Problem statement:
Make an exact copy of the records, omitting all images.

Supplied records:
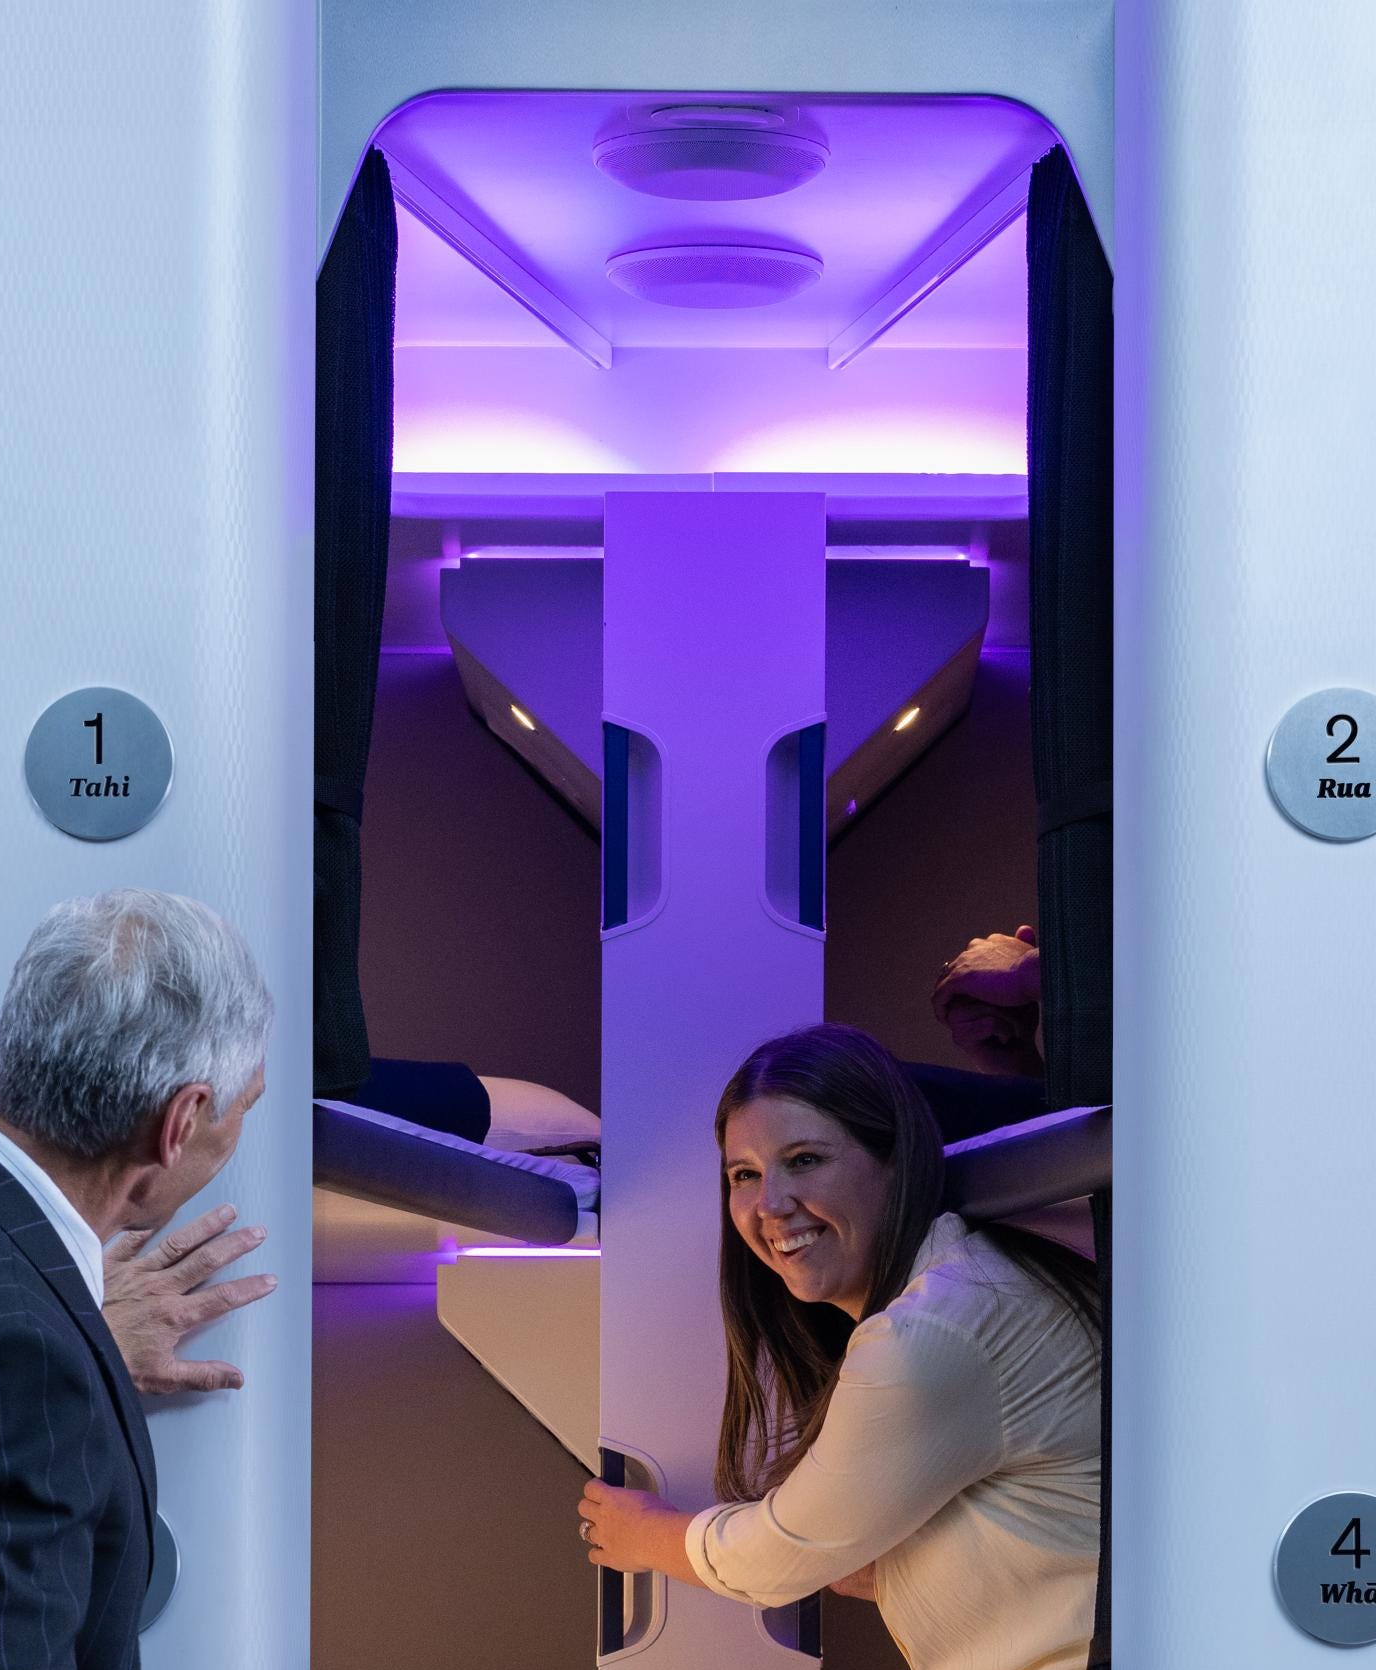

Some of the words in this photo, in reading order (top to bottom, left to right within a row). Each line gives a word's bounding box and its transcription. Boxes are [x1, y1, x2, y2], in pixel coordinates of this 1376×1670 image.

[83, 712, 103, 765] 1
[1326, 714, 1360, 764] 2
[69, 775, 131, 797] Tahi
[1316, 778, 1372, 799] Rua
[1330, 1517, 1371, 1569] 4
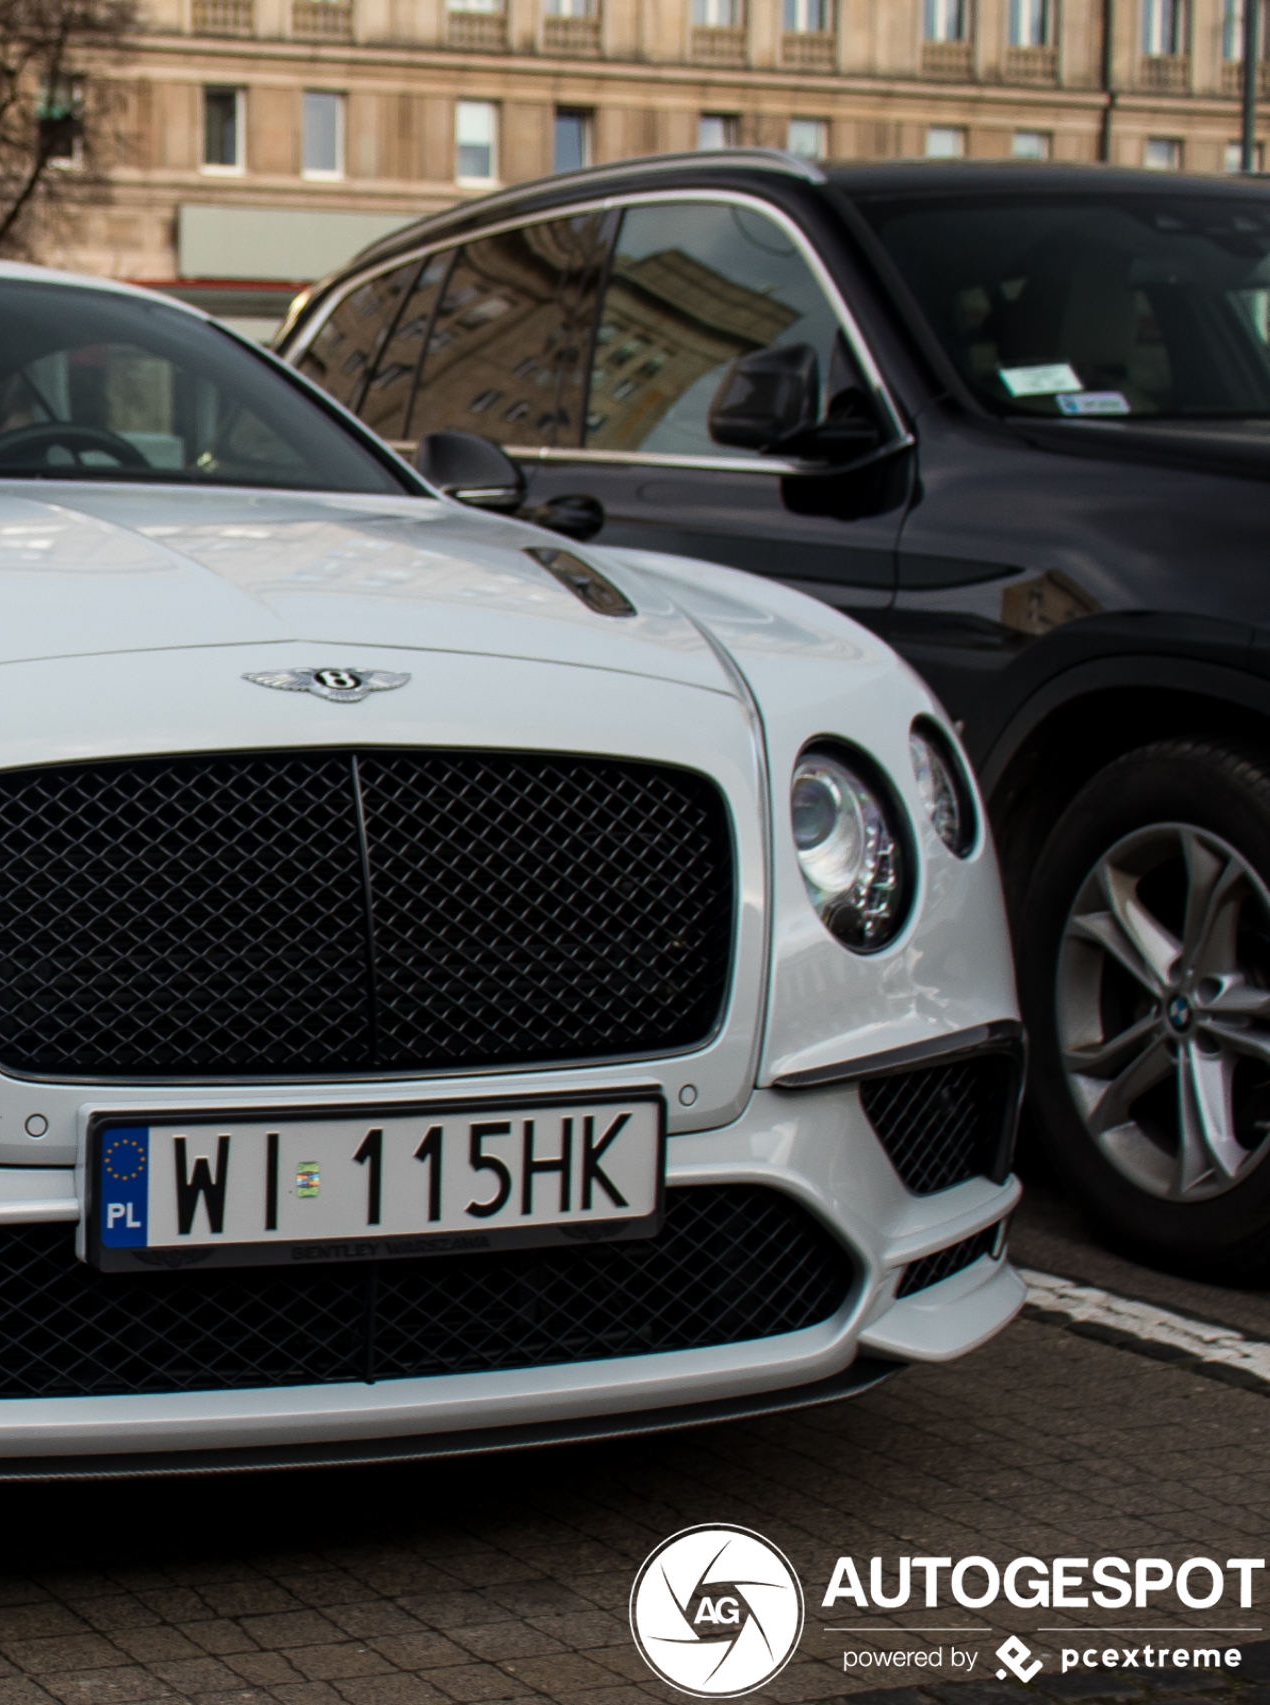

Task output:
Some of the words in this photo, in reading order (top to bottom, left to right within a row). Each line gives a word's bounding box and its transcription. Boxes are [x1, y1, x2, y2], in pixel coordinates of this 1376×1670 image.

[83, 712, 103, 765] 1
[1326, 714, 1360, 764] 2
[69, 775, 131, 797] Tahi
[1316, 778, 1372, 799] Rua
[1330, 1517, 1371, 1569] 4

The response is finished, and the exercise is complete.